[Provided entries Boundary: Start]

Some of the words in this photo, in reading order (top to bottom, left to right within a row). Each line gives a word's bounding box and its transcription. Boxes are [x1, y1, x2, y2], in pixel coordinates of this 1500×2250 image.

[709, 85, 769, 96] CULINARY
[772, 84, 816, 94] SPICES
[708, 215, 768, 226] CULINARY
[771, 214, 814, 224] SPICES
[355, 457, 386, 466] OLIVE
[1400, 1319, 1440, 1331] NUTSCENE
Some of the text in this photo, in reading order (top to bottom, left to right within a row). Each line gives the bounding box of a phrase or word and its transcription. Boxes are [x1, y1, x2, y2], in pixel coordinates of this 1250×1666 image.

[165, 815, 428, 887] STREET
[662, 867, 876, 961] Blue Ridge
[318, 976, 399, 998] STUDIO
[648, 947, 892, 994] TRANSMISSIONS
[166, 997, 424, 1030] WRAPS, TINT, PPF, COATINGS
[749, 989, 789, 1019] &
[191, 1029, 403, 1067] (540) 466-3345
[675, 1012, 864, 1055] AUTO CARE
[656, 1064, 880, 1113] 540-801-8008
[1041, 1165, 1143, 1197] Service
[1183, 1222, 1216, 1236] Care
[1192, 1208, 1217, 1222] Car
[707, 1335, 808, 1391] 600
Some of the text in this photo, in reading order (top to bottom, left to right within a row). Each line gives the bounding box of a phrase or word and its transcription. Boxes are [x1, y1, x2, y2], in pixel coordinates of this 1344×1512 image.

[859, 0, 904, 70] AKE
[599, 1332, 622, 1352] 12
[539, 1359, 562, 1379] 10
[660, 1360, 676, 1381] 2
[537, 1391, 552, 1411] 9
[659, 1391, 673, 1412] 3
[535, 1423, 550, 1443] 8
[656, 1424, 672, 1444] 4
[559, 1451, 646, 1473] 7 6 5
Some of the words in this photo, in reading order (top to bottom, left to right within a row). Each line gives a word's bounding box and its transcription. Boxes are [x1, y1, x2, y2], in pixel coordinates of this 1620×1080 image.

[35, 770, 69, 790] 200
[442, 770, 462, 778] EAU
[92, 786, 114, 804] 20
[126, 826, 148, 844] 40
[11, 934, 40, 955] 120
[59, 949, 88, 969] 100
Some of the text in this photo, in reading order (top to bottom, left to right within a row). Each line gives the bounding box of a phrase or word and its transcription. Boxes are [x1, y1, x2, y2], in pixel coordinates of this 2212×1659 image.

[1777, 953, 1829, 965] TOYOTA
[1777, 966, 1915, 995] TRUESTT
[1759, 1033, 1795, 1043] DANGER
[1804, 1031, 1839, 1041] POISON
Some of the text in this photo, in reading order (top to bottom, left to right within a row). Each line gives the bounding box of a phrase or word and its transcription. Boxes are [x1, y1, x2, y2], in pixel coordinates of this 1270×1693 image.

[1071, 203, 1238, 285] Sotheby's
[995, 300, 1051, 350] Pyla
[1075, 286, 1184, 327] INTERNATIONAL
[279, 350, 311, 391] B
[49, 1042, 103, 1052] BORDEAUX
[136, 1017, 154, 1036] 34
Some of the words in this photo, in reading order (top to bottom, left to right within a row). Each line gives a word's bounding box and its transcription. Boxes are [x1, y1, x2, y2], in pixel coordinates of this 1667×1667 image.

[Provided entries Boundary: End]

Reproduce the entire listing word for word.

* [The completed task]:
Some of the words in this photo, in reading order (top to bottom, left to right within a row). Each line gives a word's bounding box and its transcription. Boxes are [x1, y1, x2, y2], in pixel coordinates of this 1500×2250 image.

[709, 85, 769, 96] CULINARY
[772, 84, 816, 94] SPICES
[708, 215, 768, 226] CULINARY
[771, 214, 814, 224] SPICES
[355, 457, 386, 466] OLIVE
[1400, 1319, 1440, 1331] NUTSCENE
Some of the text in this photo, in reading order (top to bottom, left to right within a row). Each line gives the bounding box of a phrase or word and its transcription. Boxes are [x1, y1, x2, y2], in pixel coordinates of this 1250×1666 image.

[165, 815, 428, 887] STREET
[662, 867, 876, 961] Blue Ridge
[318, 976, 399, 998] STUDIO
[648, 947, 892, 994] TRANSMISSIONS
[166, 997, 424, 1030] WRAPS, TINT, PPF, COATINGS
[749, 989, 789, 1019] &
[191, 1029, 403, 1067] (540) 466-3345
[675, 1012, 864, 1055] AUTO CARE
[656, 1064, 880, 1113] 540-801-8008
[1041, 1165, 1143, 1197] Service
[1183, 1222, 1216, 1236] Care
[1192, 1208, 1217, 1222] Car
[707, 1335, 808, 1391] 600
Some of the text in this photo, in reading order (top to bottom, left to right within a row). Each line gives the bounding box of a phrase or word and its transcription. Boxes are [x1, y1, x2, y2], in pixel coordinates of this 1344×1512 image.

[859, 0, 904, 70] AKE
[599, 1332, 622, 1352] 12
[539, 1359, 562, 1379] 10
[660, 1360, 676, 1381] 2
[537, 1391, 552, 1411] 9
[659, 1391, 673, 1412] 3
[535, 1423, 550, 1443] 8
[656, 1424, 672, 1444] 4
[559, 1451, 646, 1473] 7 6 5
Some of the words in this photo, in reading order (top to bottom, left to right within a row). Each line gives a word's bounding box and its transcription. Boxes are [x1, y1, x2, y2], in pixel coordinates of this 1620×1080 image.

[35, 770, 69, 790] 200
[442, 770, 462, 778] EAU
[92, 786, 114, 804] 20
[126, 826, 148, 844] 40
[11, 934, 40, 955] 120
[59, 949, 88, 969] 100
Some of the text in this photo, in reading order (top to bottom, left to right within a row). Each line gives the bounding box of a phrase or word and its transcription. Boxes are [x1, y1, x2, y2], in pixel coordinates of this 2212×1659 image.

[1777, 953, 1829, 965] TOYOTA
[1777, 966, 1915, 995] TRUESTT
[1759, 1033, 1795, 1043] DANGER
[1804, 1031, 1839, 1041] POISON
Some of the text in this photo, in reading order (top to bottom, left to right within a row). Each line gives the bounding box of a phrase or word and its transcription. Boxes are [x1, y1, x2, y2], in pixel coordinates of this 1270×1693 image.

[1071, 203, 1238, 285] Sotheby's
[995, 300, 1051, 350] Pyla
[1075, 286, 1184, 327] INTERNATIONAL
[279, 350, 311, 391] B
[49, 1042, 103, 1052] BORDEAUX
[136, 1017, 154, 1036] 34
Some of the words in this photo, in reading order (top to bottom, left to right within a row). Each line gives a word's bounding box and its transcription. Boxes are [x1, y1, x2, y2], in pixel coordinates of this 1667×1667 image.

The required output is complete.